Hadoop @ SURFsara USING THE CLUSTER Jeroen Schot - PowerPoint PPT Presentation

Hadoop @ SURFsara USING THE CLUSTER Jeroen Schot <jeroen.schot@surfsara.nl>

Overview - SURFsara in a nutshell - The SURFsara Hadoop cluster - How to use the cluster

About SURF

SARA  SURFsara -Founded in 1971 as SARA by UvA, VU and CWI as shared data-processing facility. -Starting 1984 took the role as national supercomputing center. -Became an independent foundation in 1995. -Joined the SURF foundation as SURFsara in 2013.

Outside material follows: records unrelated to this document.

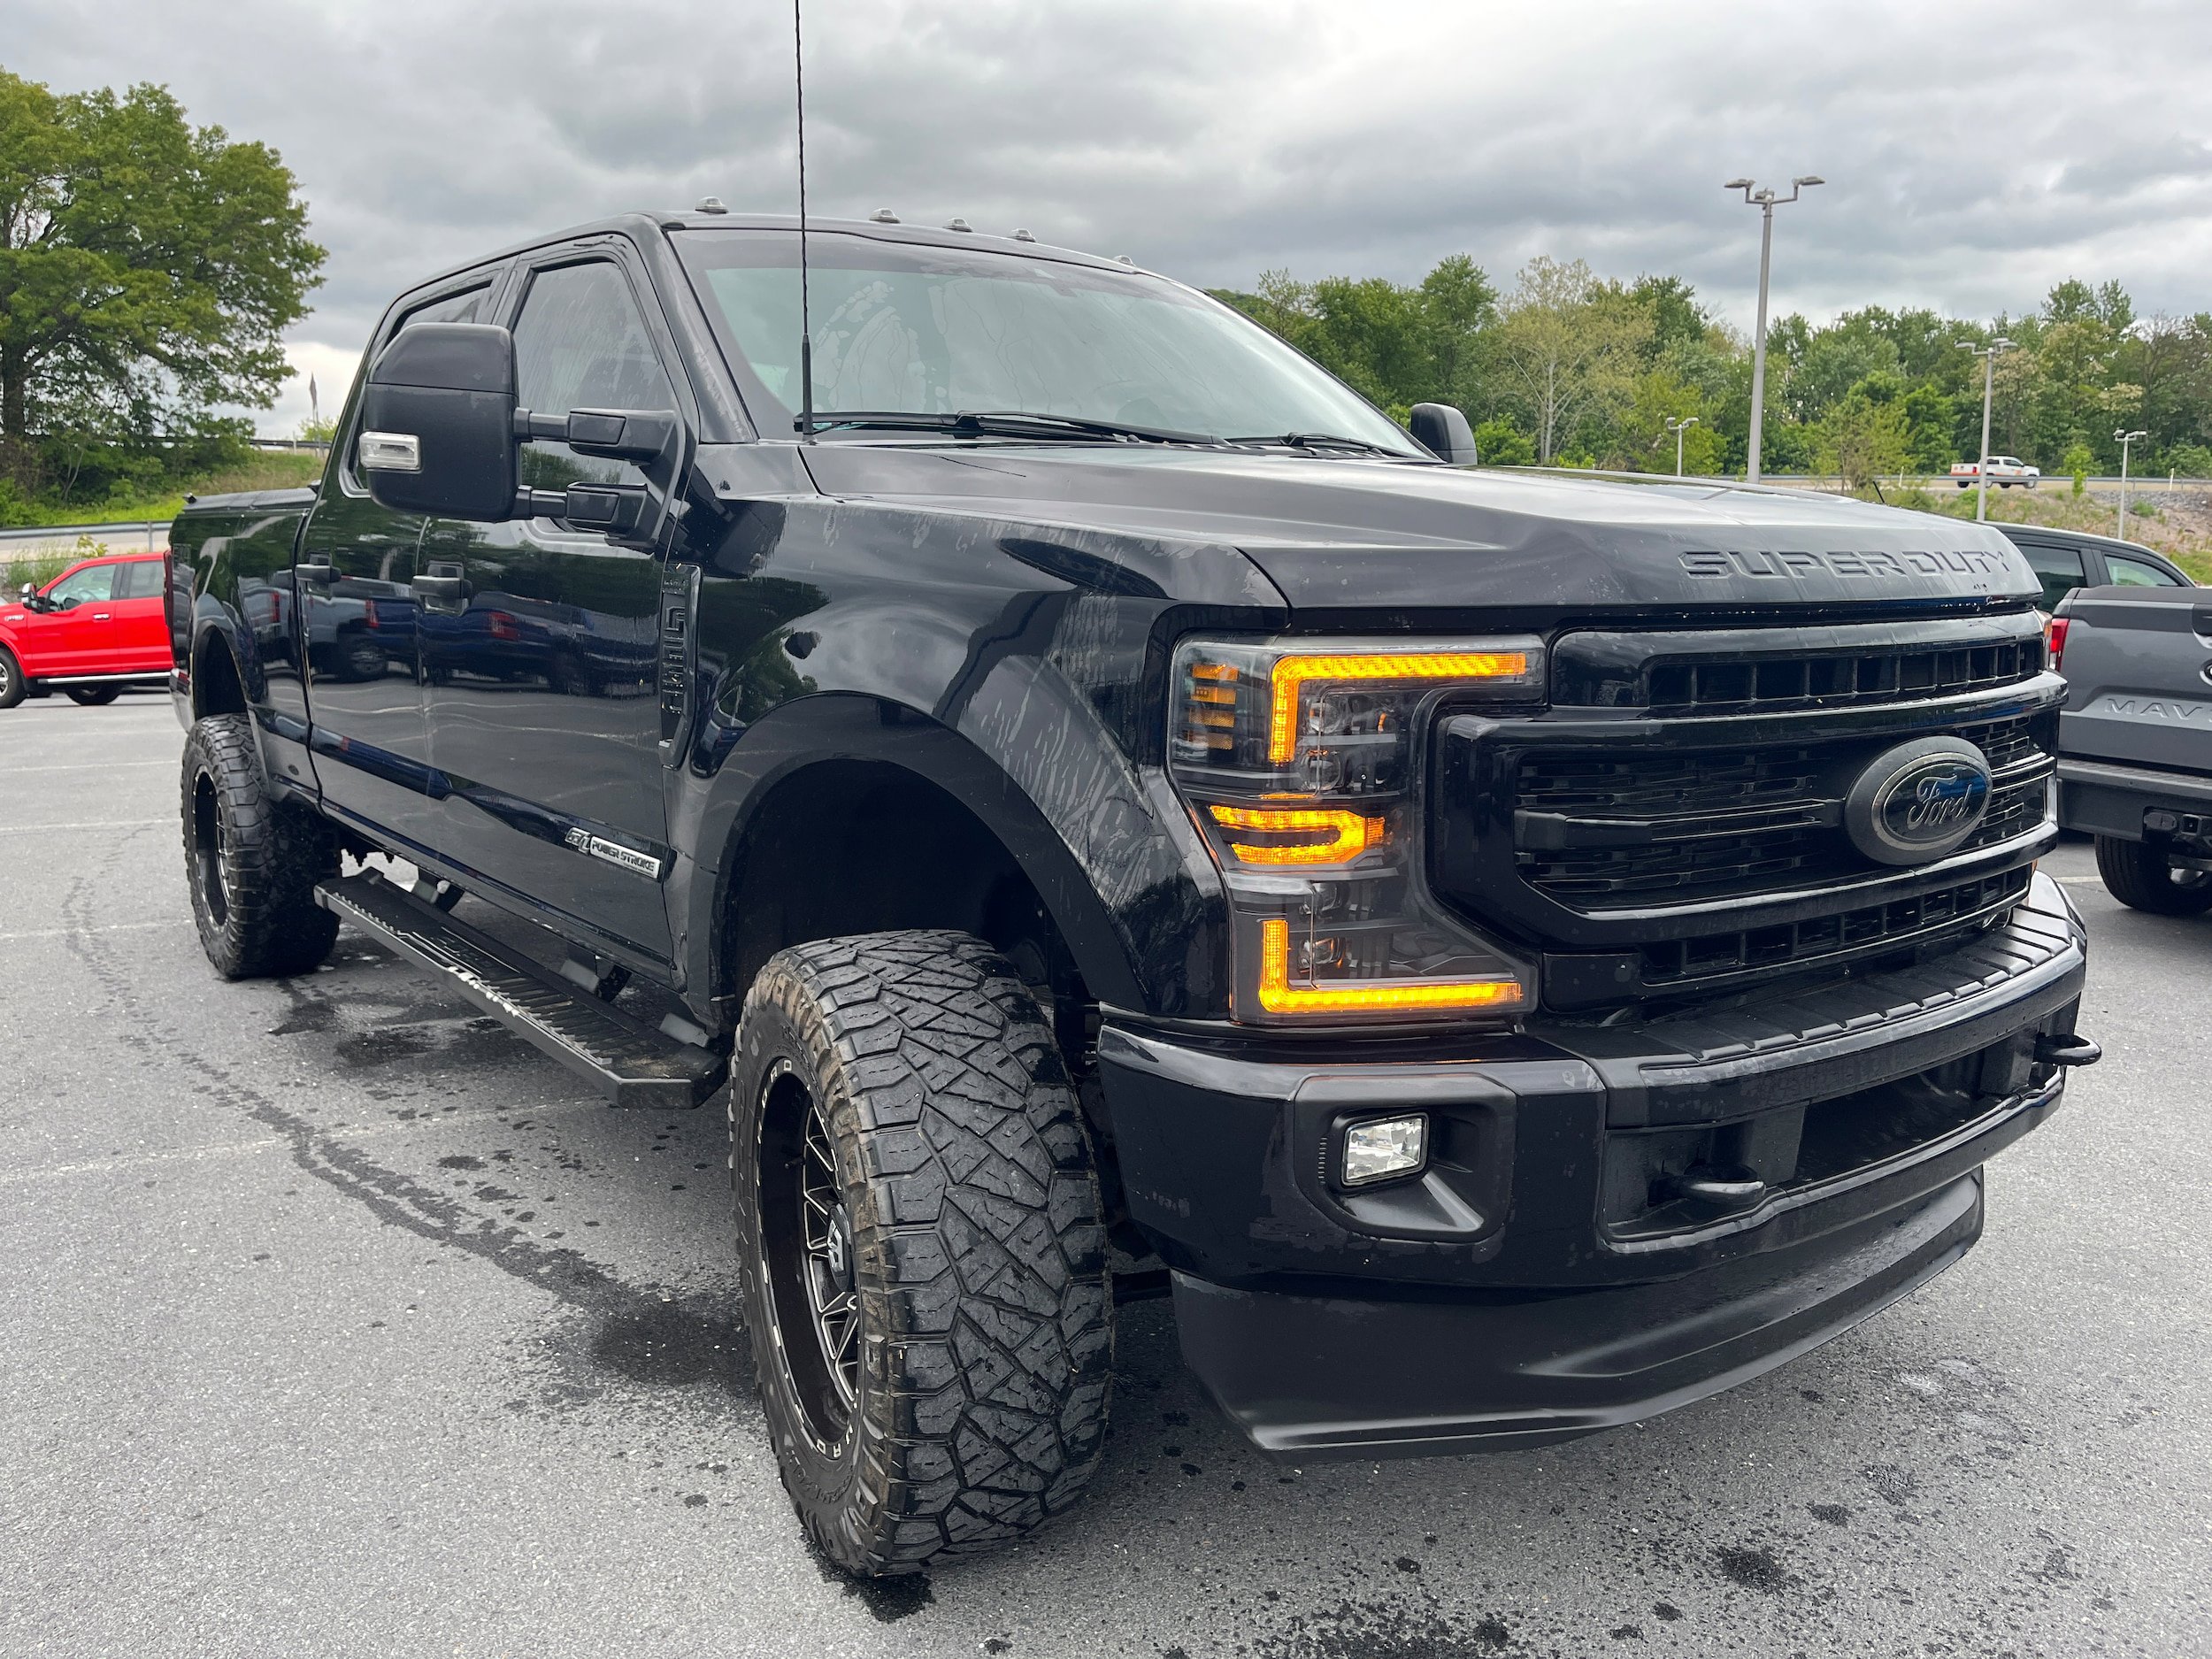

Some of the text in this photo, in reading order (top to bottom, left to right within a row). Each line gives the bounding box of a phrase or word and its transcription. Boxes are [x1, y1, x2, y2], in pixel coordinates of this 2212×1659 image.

[1678, 549, 2012, 580] SUPER DUTY
[2104, 698, 2212, 723] MAV
[1906, 772, 1973, 831] Ford
[591, 839, 619, 859] POWER
[620, 850, 656, 872] STROKE

Hadoop cluster -Started a test cluster in 2011 on six old machines -Real cluster in 2012: 60 machines: Hadoop 0.20, MapReduce, Pig -Now ~ 100 machines: Hadoop 2.6, MapReduce, Pig, Spark, Giraph, Tez, Cascading

Hadoop 1.0

Hadoop 2.0: YARN No longer just MapReduce: One ResourceManager (~ JobTracker) Many NodeManagers (~ TaskTracker) Job coordination is done by an ApplicationMaster (one per job) (Used to be the JobTracker)

Using the cluster - Command-line: from your own computer or our login node - Resource manager web-interface - Develop in your favorite IDE (Eclipse, IntelliJ) - Package your jobs as jar files - Submit the jar file using ‘ hadoop jar’ or ‘yarn jar’

Dependency management Your code probably depends on libraries. These libraries need to be available on the cluster machines. Multiple options: 1. Specify on command line: - yarn jar myjar.jar -libjars foo.jar,bar.jar 2. Bundle the jars inside the lib folder or your jar. 3. Extract all dependency class files (maven shade plugin) Build tools like maven, ivy and ant can help you with this. Example Maven POM-file (using method 2): http://beehub.nl/surfsara-hadoop/public/lsde-pom.xml You don’t need to include the Hadoop/MapReduce dependencies.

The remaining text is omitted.